## EXERCISE DESCRIPTION
Take the records below and write them out again exactly.

(DATA RECORDS Opens)

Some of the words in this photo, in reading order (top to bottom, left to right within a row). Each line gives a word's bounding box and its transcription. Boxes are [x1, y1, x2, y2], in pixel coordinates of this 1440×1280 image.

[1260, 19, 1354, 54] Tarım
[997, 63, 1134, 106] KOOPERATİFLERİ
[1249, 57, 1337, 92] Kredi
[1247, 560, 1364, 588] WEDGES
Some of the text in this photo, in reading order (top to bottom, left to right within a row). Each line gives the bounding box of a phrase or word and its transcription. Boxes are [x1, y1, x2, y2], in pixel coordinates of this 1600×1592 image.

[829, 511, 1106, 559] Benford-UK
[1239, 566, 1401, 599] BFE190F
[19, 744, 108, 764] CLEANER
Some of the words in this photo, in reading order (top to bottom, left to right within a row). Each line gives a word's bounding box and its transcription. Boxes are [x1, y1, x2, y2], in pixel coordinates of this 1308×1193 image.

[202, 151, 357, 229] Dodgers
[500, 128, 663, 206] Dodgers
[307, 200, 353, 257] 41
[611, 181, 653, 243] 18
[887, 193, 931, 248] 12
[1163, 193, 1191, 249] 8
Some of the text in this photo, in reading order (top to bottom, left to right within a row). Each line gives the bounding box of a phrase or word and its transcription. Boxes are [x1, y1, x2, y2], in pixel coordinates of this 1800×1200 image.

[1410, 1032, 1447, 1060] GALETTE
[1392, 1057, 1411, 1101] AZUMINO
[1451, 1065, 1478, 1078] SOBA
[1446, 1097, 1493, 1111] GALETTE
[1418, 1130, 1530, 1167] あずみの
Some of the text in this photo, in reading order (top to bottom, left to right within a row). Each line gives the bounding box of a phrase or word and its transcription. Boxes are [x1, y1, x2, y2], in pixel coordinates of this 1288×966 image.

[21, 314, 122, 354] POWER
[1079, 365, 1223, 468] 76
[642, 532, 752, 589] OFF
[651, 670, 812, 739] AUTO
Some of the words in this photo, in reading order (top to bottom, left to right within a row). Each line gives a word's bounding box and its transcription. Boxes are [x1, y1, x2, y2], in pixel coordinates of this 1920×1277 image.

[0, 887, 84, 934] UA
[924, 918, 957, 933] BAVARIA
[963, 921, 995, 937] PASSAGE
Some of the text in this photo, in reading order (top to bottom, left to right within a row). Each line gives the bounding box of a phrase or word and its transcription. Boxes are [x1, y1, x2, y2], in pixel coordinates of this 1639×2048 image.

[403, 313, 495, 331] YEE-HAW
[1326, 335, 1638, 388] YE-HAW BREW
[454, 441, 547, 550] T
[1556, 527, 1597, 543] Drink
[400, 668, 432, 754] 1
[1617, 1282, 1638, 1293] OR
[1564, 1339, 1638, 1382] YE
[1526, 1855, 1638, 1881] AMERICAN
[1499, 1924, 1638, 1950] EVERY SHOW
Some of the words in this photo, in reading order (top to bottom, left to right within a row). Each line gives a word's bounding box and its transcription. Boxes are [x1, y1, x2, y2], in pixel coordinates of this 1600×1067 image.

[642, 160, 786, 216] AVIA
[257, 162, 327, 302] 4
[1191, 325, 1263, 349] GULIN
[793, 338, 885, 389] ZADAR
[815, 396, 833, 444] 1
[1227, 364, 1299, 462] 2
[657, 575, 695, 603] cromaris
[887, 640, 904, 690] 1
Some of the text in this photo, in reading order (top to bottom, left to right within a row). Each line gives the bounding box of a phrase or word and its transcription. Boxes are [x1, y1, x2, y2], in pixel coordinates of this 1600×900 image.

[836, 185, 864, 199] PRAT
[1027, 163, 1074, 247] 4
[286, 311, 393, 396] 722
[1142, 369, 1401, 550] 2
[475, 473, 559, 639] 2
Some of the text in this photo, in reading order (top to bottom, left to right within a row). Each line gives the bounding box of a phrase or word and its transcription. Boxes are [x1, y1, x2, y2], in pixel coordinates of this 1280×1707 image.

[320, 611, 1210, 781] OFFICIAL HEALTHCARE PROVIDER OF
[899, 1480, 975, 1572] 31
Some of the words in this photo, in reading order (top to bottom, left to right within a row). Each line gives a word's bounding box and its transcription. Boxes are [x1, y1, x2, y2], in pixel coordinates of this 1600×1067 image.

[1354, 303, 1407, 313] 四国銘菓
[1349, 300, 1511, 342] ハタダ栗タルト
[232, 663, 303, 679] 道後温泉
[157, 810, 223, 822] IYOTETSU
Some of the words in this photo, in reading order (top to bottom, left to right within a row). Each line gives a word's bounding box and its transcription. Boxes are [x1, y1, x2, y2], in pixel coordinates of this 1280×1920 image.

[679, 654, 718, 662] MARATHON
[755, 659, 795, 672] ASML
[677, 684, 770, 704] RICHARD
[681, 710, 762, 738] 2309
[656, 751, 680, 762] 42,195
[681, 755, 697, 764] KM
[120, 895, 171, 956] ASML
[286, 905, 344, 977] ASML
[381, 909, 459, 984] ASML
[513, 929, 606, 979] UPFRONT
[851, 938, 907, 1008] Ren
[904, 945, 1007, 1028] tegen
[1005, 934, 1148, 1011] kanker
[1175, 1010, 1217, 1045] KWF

(DATA RECORDS Closes)

## TASK SOLUTION
Some of the words in this photo, in reading order (top to bottom, left to right within a row). Each line gives a word's bounding box and its transcription. Boxes are [x1, y1, x2, y2], in pixel coordinates of this 1440×1280 image.

[1260, 19, 1354, 54] Tarım
[997, 63, 1134, 106] KOOPERATİFLERİ
[1249, 57, 1337, 92] Kredi
[1247, 560, 1364, 588] WEDGES
Some of the text in this photo, in reading order (top to bottom, left to right within a row). Each line gives the bounding box of a phrase or word and its transcription. Boxes are [x1, y1, x2, y2], in pixel coordinates of this 1600×1592 image.

[829, 511, 1106, 559] Benford-UK
[1239, 566, 1401, 599] BFE190F
[19, 744, 108, 764] CLEANER
Some of the words in this photo, in reading order (top to bottom, left to right within a row). Each line gives a word's bounding box and its transcription. Boxes are [x1, y1, x2, y2], in pixel coordinates of this 1308×1193 image.

[202, 151, 357, 229] Dodgers
[500, 128, 663, 206] Dodgers
[307, 200, 353, 257] 41
[611, 181, 653, 243] 18
[887, 193, 931, 248] 12
[1163, 193, 1191, 249] 8
Some of the text in this photo, in reading order (top to bottom, left to right within a row). Each line gives the bounding box of a phrase or word and its transcription. Boxes are [x1, y1, x2, y2], in pixel coordinates of this 1800×1200 image.

[1410, 1032, 1447, 1060] GALETTE
[1392, 1057, 1411, 1101] AZUMINO
[1451, 1065, 1478, 1078] SOBA
[1446, 1097, 1493, 1111] GALETTE
[1418, 1130, 1530, 1167] あずみの
Some of the text in this photo, in reading order (top to bottom, left to right within a row). Each line gives the bounding box of a phrase or word and its transcription. Boxes are [x1, y1, x2, y2], in pixel coordinates of this 1288×966 image.

[21, 314, 122, 354] POWER
[1079, 365, 1223, 468] 76
[642, 532, 752, 589] OFF
[651, 670, 812, 739] AUTO
Some of the words in this photo, in reading order (top to bottom, left to right within a row). Each line gives a word's bounding box and its transcription. Boxes are [x1, y1, x2, y2], in pixel coordinates of this 1920×1277 image.

[0, 887, 84, 934] UA
[924, 918, 957, 933] BAVARIA
[963, 921, 995, 937] PASSAGE
Some of the text in this photo, in reading order (top to bottom, left to right within a row). Each line gives the bounding box of a phrase or word and its transcription. Boxes are [x1, y1, x2, y2], in pixel coordinates of this 1639×2048 image.

[403, 313, 495, 331] YEE-HAW
[1326, 335, 1638, 388] YE-HAW BREW
[454, 441, 547, 550] T
[1556, 527, 1597, 543] Drink
[400, 668, 432, 754] 1
[1617, 1282, 1638, 1293] OR
[1564, 1339, 1638, 1382] YE
[1526, 1855, 1638, 1881] AMERICAN
[1499, 1924, 1638, 1950] EVERY SHOW
Some of the words in this photo, in reading order (top to bottom, left to right within a row). Each line gives a word's bounding box and its transcription. Boxes are [x1, y1, x2, y2], in pixel coordinates of this 1600×1067 image.

[642, 160, 786, 216] AVIA
[257, 162, 327, 302] 4
[1191, 325, 1263, 349] GULIN
[793, 338, 885, 389] ZADAR
[815, 396, 833, 444] 1
[1227, 364, 1299, 462] 2
[657, 575, 695, 603] cromaris
[887, 640, 904, 690] 1
Some of the text in this photo, in reading order (top to bottom, left to right within a row). Each line gives the bounding box of a phrase or word and its transcription. Boxes are [x1, y1, x2, y2], in pixel coordinates of this 1600×900 image.

[836, 185, 864, 199] PRAT
[1027, 163, 1074, 247] 4
[286, 311, 393, 396] 722
[1142, 369, 1401, 550] 2
[475, 473, 559, 639] 2
Some of the text in this photo, in reading order (top to bottom, left to right within a row). Each line gives the bounding box of a phrase or word and its transcription. Boxes are [x1, y1, x2, y2], in pixel coordinates of this 1280×1707 image.

[320, 611, 1210, 781] OFFICIAL HEALTHCARE PROVIDER OF
[899, 1480, 975, 1572] 31
Some of the words in this photo, in reading order (top to bottom, left to right within a row). Each line gives a word's bounding box and its transcription. Boxes are [x1, y1, x2, y2], in pixel coordinates of this 1600×1067 image.

[1354, 303, 1407, 313] 四国銘菓
[1349, 300, 1511, 342] ハタダ栗タルト
[232, 663, 303, 679] 道後温泉
[157, 810, 223, 822] IYOTETSU
Some of the words in this photo, in reading order (top to bottom, left to right within a row). Each line gives a word's bounding box and its transcription. Boxes are [x1, y1, x2, y2], in pixel coordinates of this 1280×1920 image.

[679, 654, 718, 662] MARATHON
[755, 659, 795, 672] ASML
[677, 684, 770, 704] RICHARD
[681, 710, 762, 738] 2309
[656, 751, 680, 762] 42,195
[681, 755, 697, 764] KM
[120, 895, 171, 956] ASML
[286, 905, 344, 977] ASML
[381, 909, 459, 984] ASML
[513, 929, 606, 979] UPFRONT
[851, 938, 907, 1008] Ren
[904, 945, 1007, 1028] tegen
[1005, 934, 1148, 1011] kanker
[1175, 1010, 1217, 1045] KWF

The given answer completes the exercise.